神は霊ですから目には見えません。人間が作った金や銀や石の像のようなものではない、とパウロは主張します。偶像を拝むことは創り主である神への反逆です。神から遠く離れ、人間中心の社会は、サタンの支配下に置かれています。多くの現代人にとっては、神がいるいないかはどうでもいいことと感じています。自分にとって何の実害も感じないからです。自分のいのちはこの世の中だけで、死んだらすべてが無に帰すと考えています。刹那的で、正義も悪も区別がつかなくなっています。詐欺や嘘が日常となっています。万物の造り主である神は生きておられます。義なる神です。神への恐れを失った現代人を神は必ずさばきます。罪の赦しを受けなければ、誰一人、免れることはできません。燃えるゲヘナに落とされ永遠を苦痛の中で過ごすのです。悪は必ず裁きを受けます。科学は人間中心の知的活動です。そこから生み出されるのは人間中心の世界観です。それに反して、パウロが説いたキリストの十字架と復活は、神中心の世界観です。だから、アテネの人々は、パウロの話を愚かなこととして話を聞かなかったのです。現代人もどうでしょうか。イエス様の処女降誕、そして、十字架による死と復活の話をしたら、決まって人々は「あなたは、本当にそんなこと信じているの」と不思議な顔をするでしょう。神を認めない人間には、理解することはできないのです。人間中心の世界観だからです。人間が主となっている世界です。それは、はっきり言って、人間が神となっていることです。そして、人間中心の生き方の延長線上には明るい未来は見えてきません。

あなたを救うために神がなさったこと:

「神はお立てになったひとりの人により義をもってこの世界を裁こうとしておられる」と書いています。ひとりの人それは、イエス・キリストです。義というのは、神の前で正しい、罪がないという意味です。「義をもってこの世界を裁く」というのは、復活したキリストがすべての人間について、義の判定を下すという意味です。判定結果は、人間は、そのままでは、罪ありとされます。聖書に「義人は一人もいない。すべての者が無用のものとなった」と書いているとおりです。しかし、続いて「神はこの方を死者の中からよみがえらせて」と書いています。キリストはすべての人の罪を背負い十字架でその罪を贖いました。それゆえに、神はイエス様を復活させました。つまり、神はキリストにより、罪人の罪を赦し復活のいのち、永遠のいのちをお与えになるのです。罪により、すべての人間は自分から神を見出すことができなくなっています。そのように、神から遠く離れ、神を認めず、依然、世の流れに流され、本来の自分を失っている私たちです。あなたがしぼむことのない希望に生きるために、本来の神を愛し、隣人を愛する人生を取り戻すために、神は何をなしてくださったのでしょうか。

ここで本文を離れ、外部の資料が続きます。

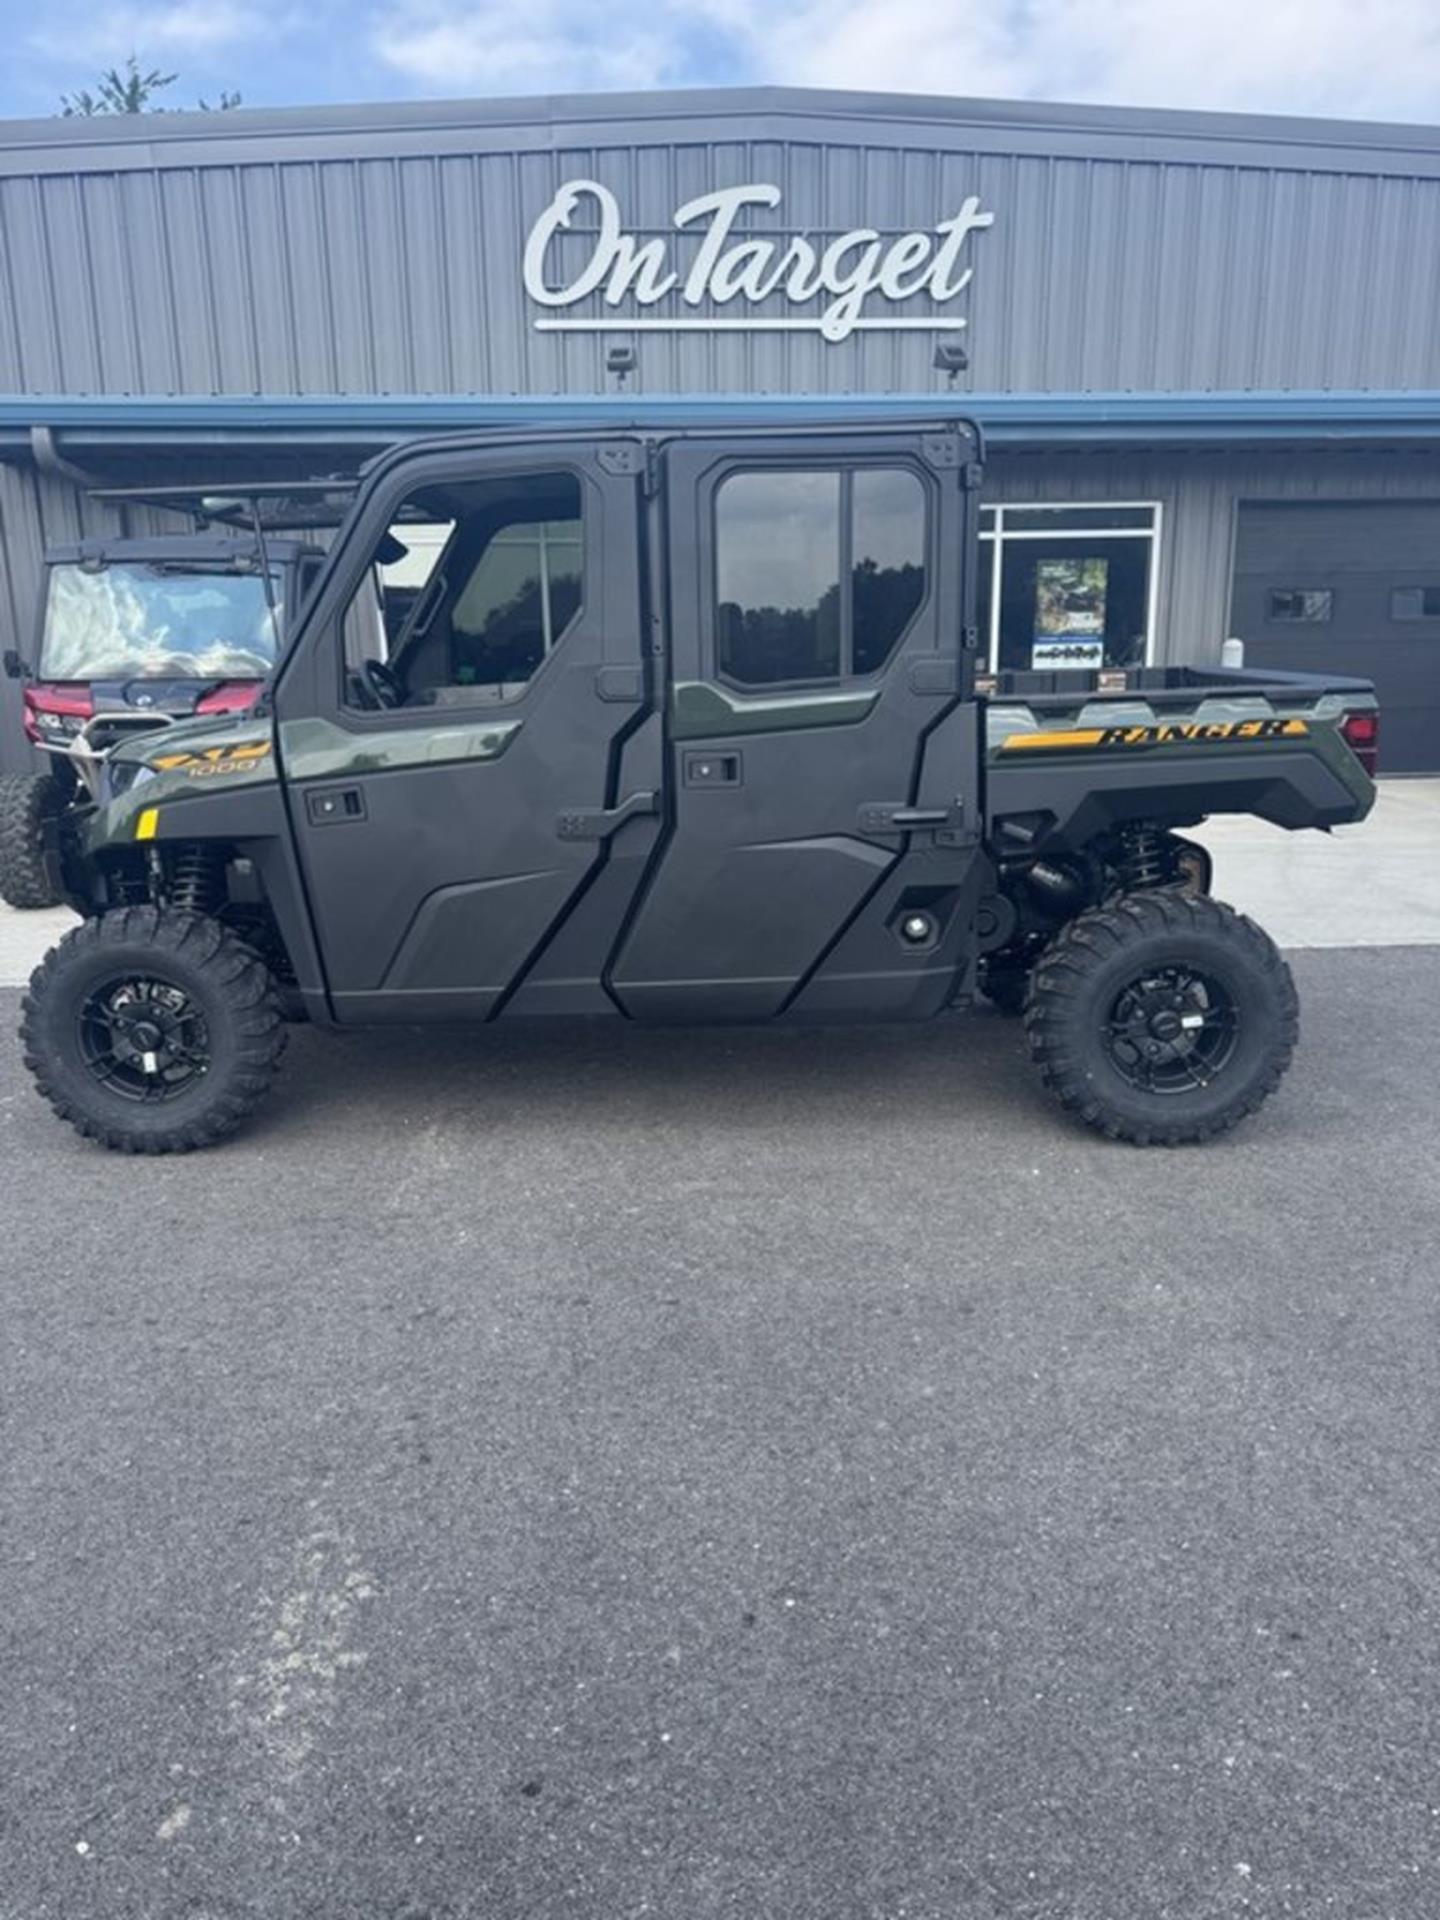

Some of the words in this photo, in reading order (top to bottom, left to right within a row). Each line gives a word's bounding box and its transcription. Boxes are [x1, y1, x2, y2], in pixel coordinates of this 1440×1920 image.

[523, 179, 677, 306] On
[674, 184, 995, 342] Target
[1097, 719, 1292, 744] RANGER
[189, 759, 258, 777] 1000
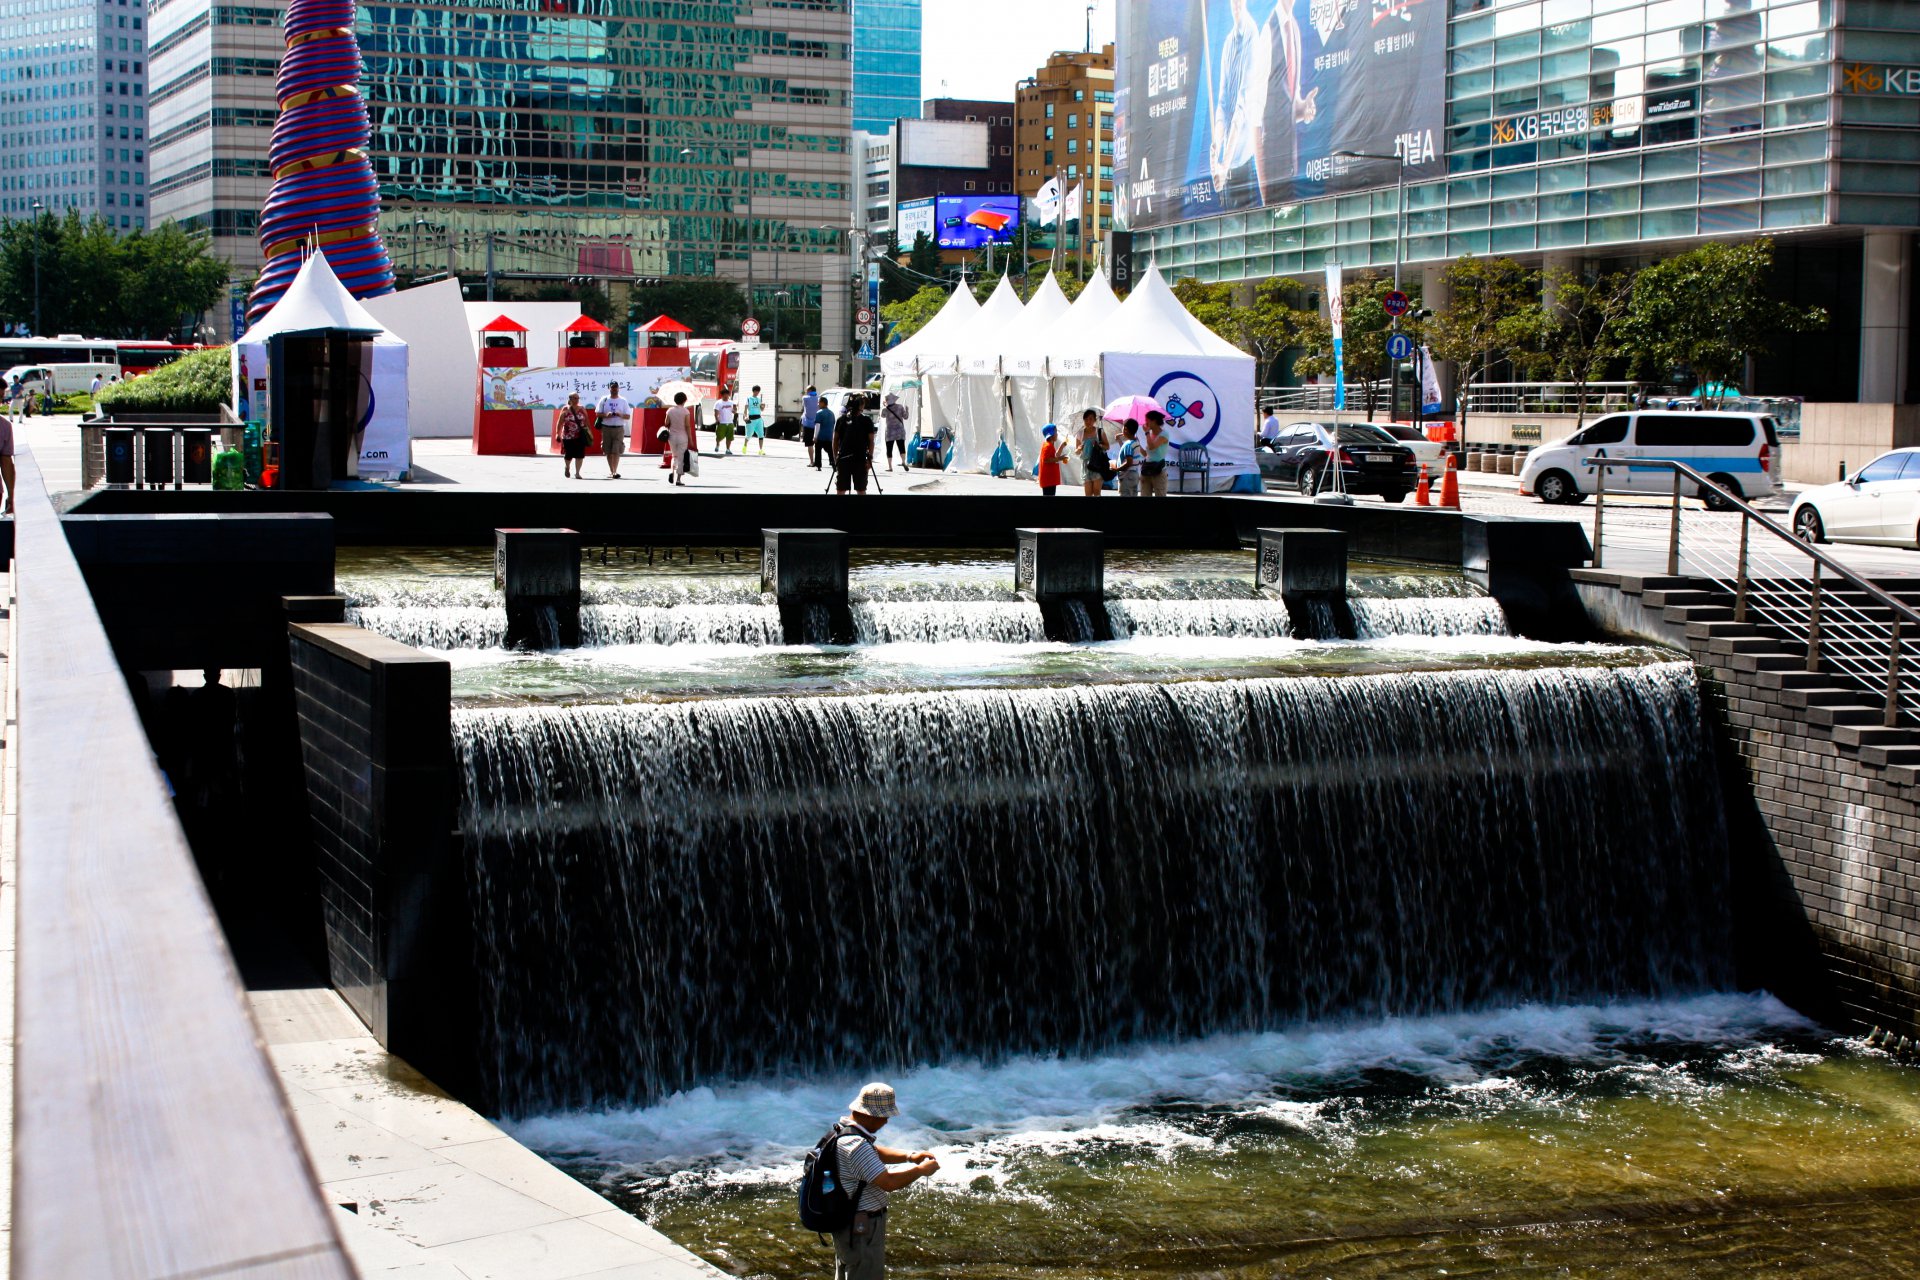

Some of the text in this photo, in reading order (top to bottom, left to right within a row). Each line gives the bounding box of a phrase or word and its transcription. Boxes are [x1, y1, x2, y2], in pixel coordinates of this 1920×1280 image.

[1885, 68, 1920, 93] KB
[1394, 129, 1435, 167] 채널A
[1306, 158, 1331, 181] 이영돈
[1132, 179, 1156, 199] CHANNEL
[1192, 181, 1212, 203] 박종진
[860, 313, 868, 321] 30
[573, 378, 597, 394] 즐거운
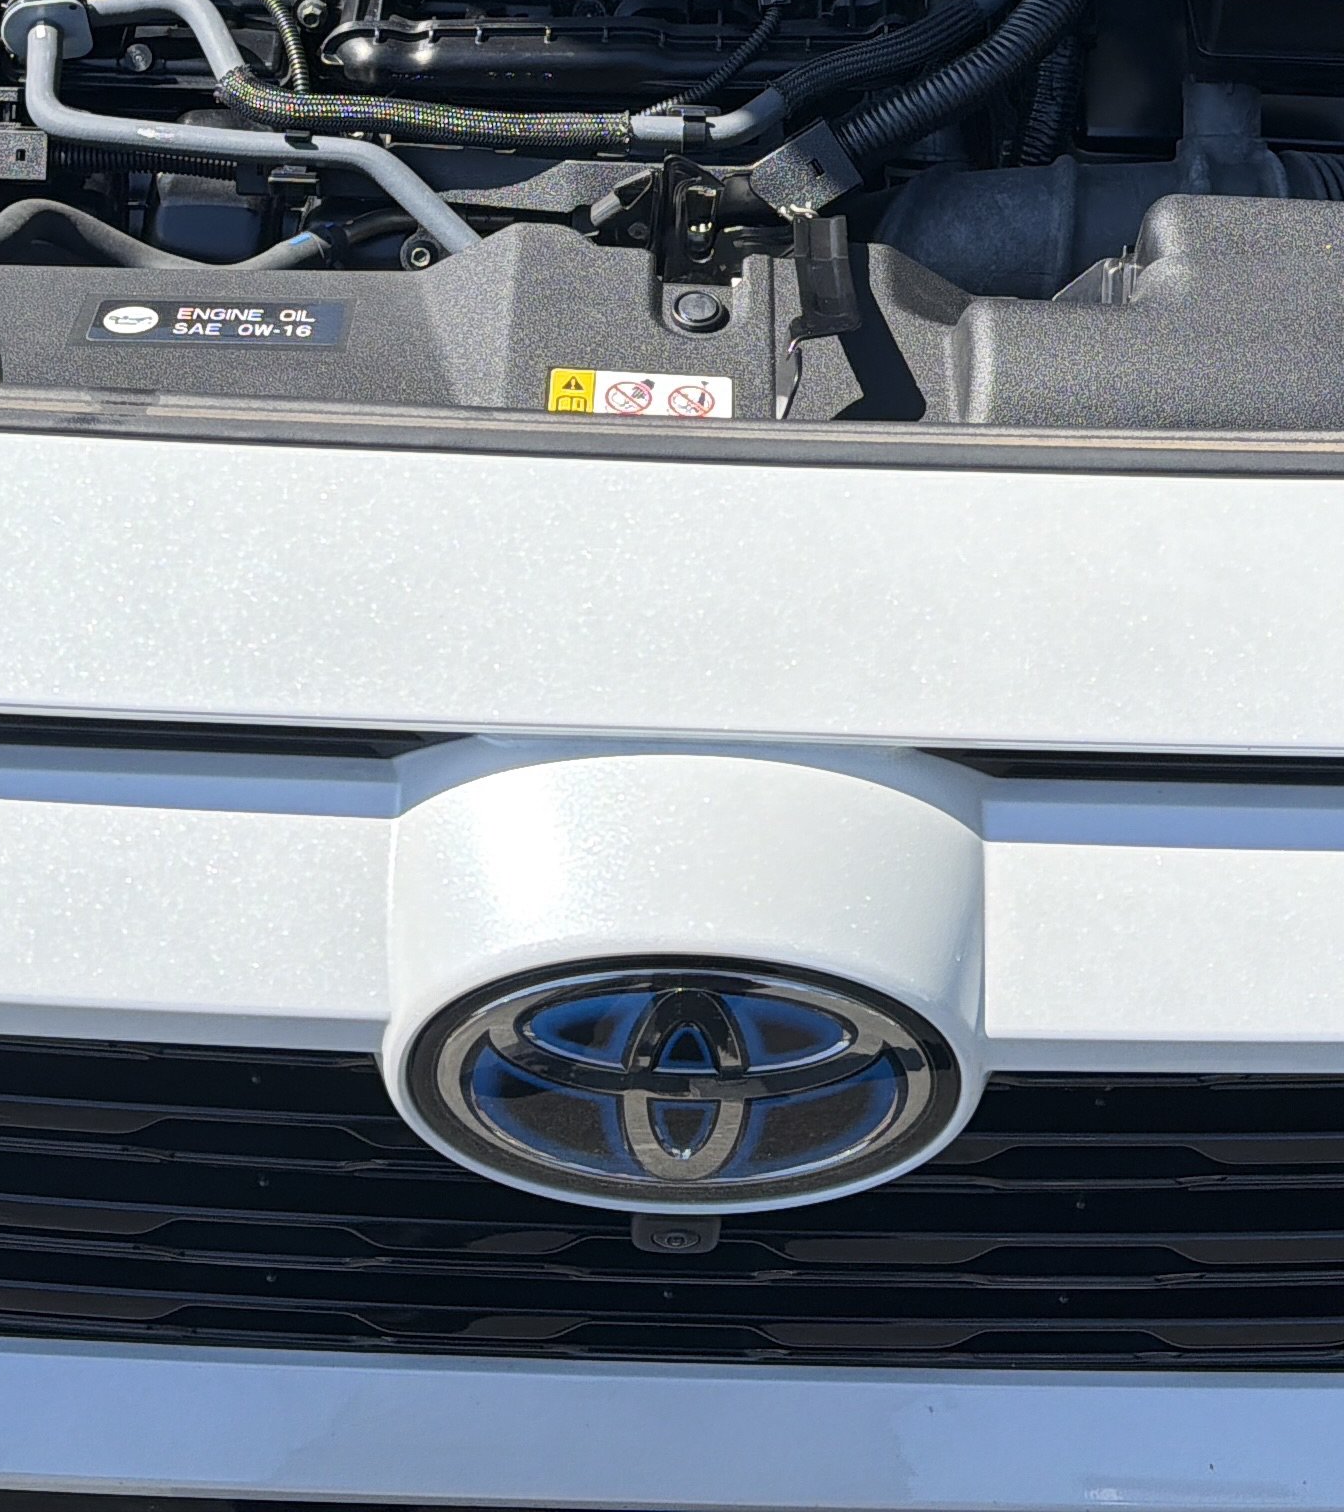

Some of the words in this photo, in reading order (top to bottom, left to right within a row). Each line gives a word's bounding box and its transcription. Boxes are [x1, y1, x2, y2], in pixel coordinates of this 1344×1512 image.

[176, 307, 265, 322] ENGINE
[279, 309, 316, 323] OIL
[172, 323, 222, 336] SAE
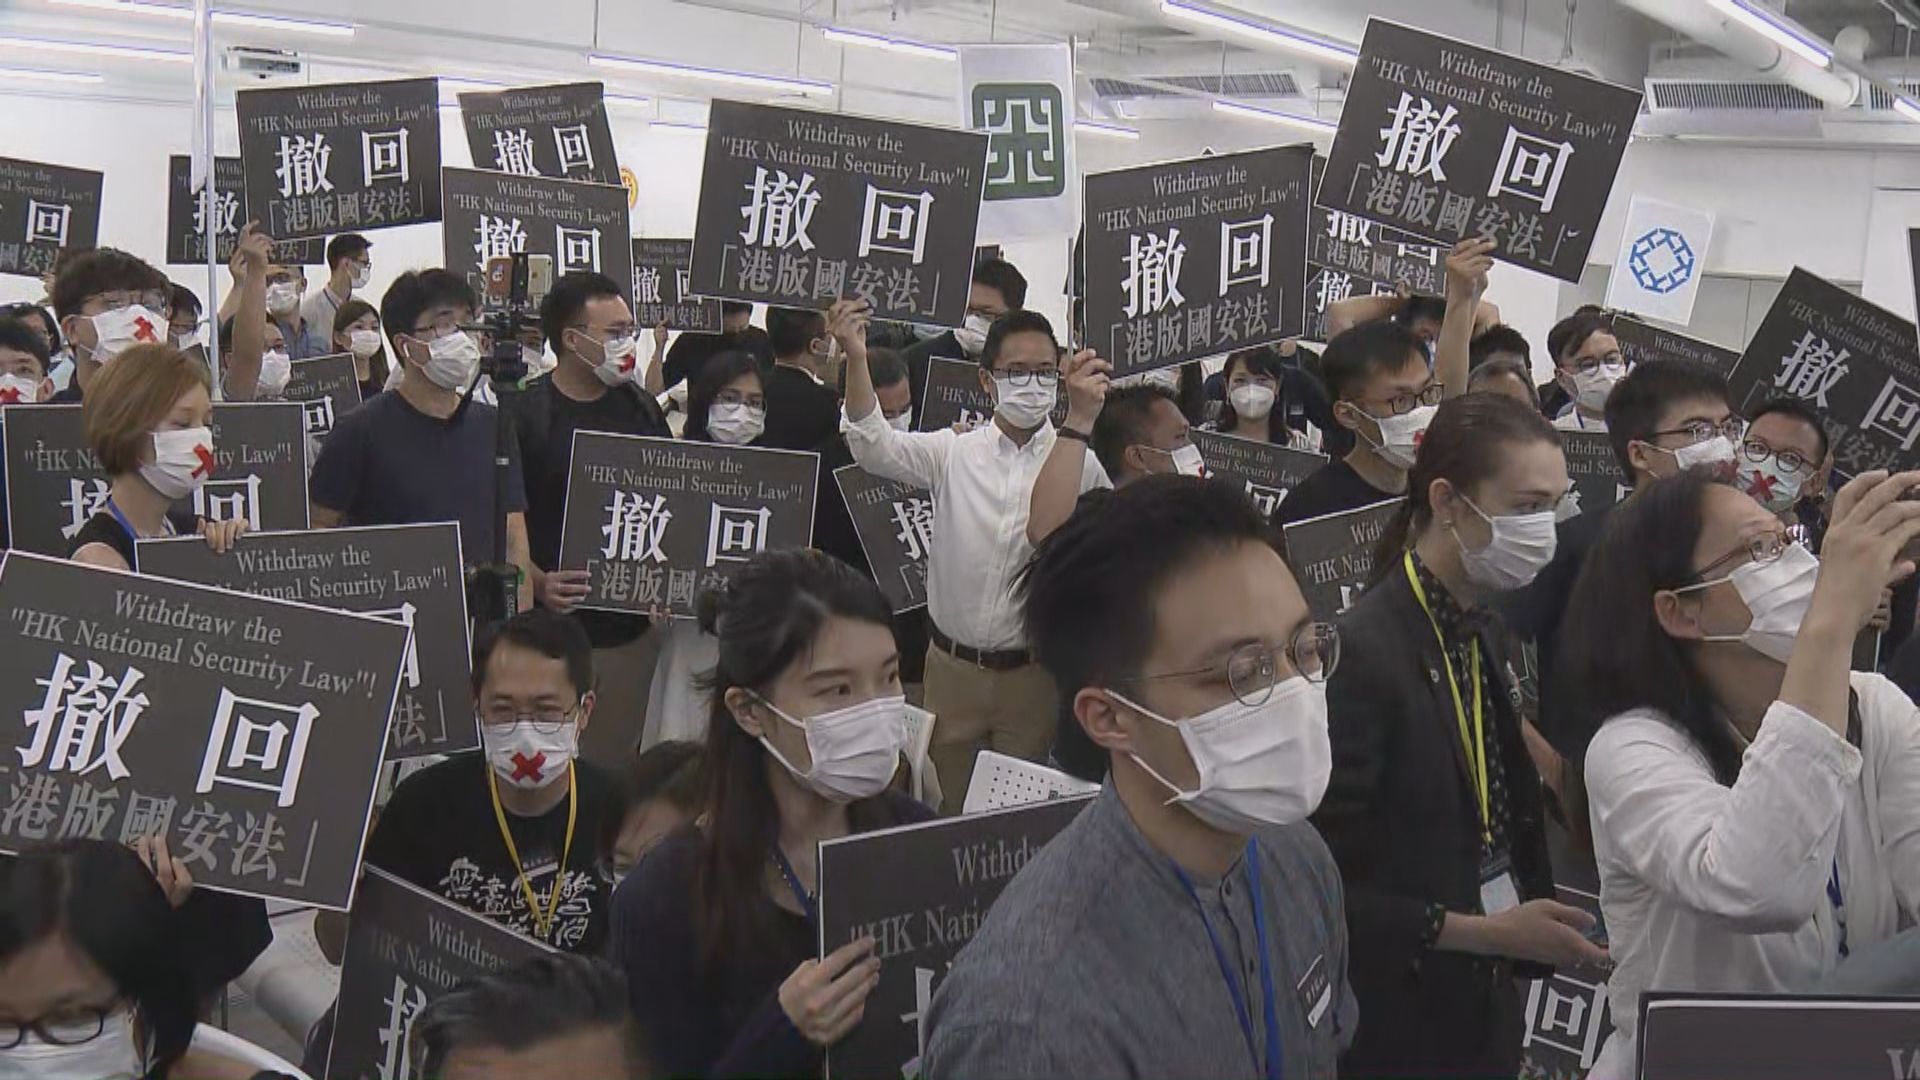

私たちに何らかの条件を課すのではなく、神は無条件で、救いを用意してくださいました。私たちの求められていることは、ただ、空の手で、その救いをいただくことです。神は私たちの中に何の要素も求めていません。もう少し、頑張ってよい人間になろうとも、もう少し頑張って、献金や奉仕をしようとも、神は要求していません。ただ、信じて受け取るのです。神はあなたの中に住みあなたを造り替えてくださるのです。思いを変えて、神であるキリストに人生を導いていただくことです。自分で頑張って生きる人生から神に頼って生かされる人生、神中心の人生への転換です。将来が見えにくい時代です。不安や困難を目の前に抱えている方もおられるかもしれません。しかし、神は無条件で、あなたを罪と死と滅びの原理から救い、決してしぼむことのない希望、永遠のいのち、それからくる平安をくださいます。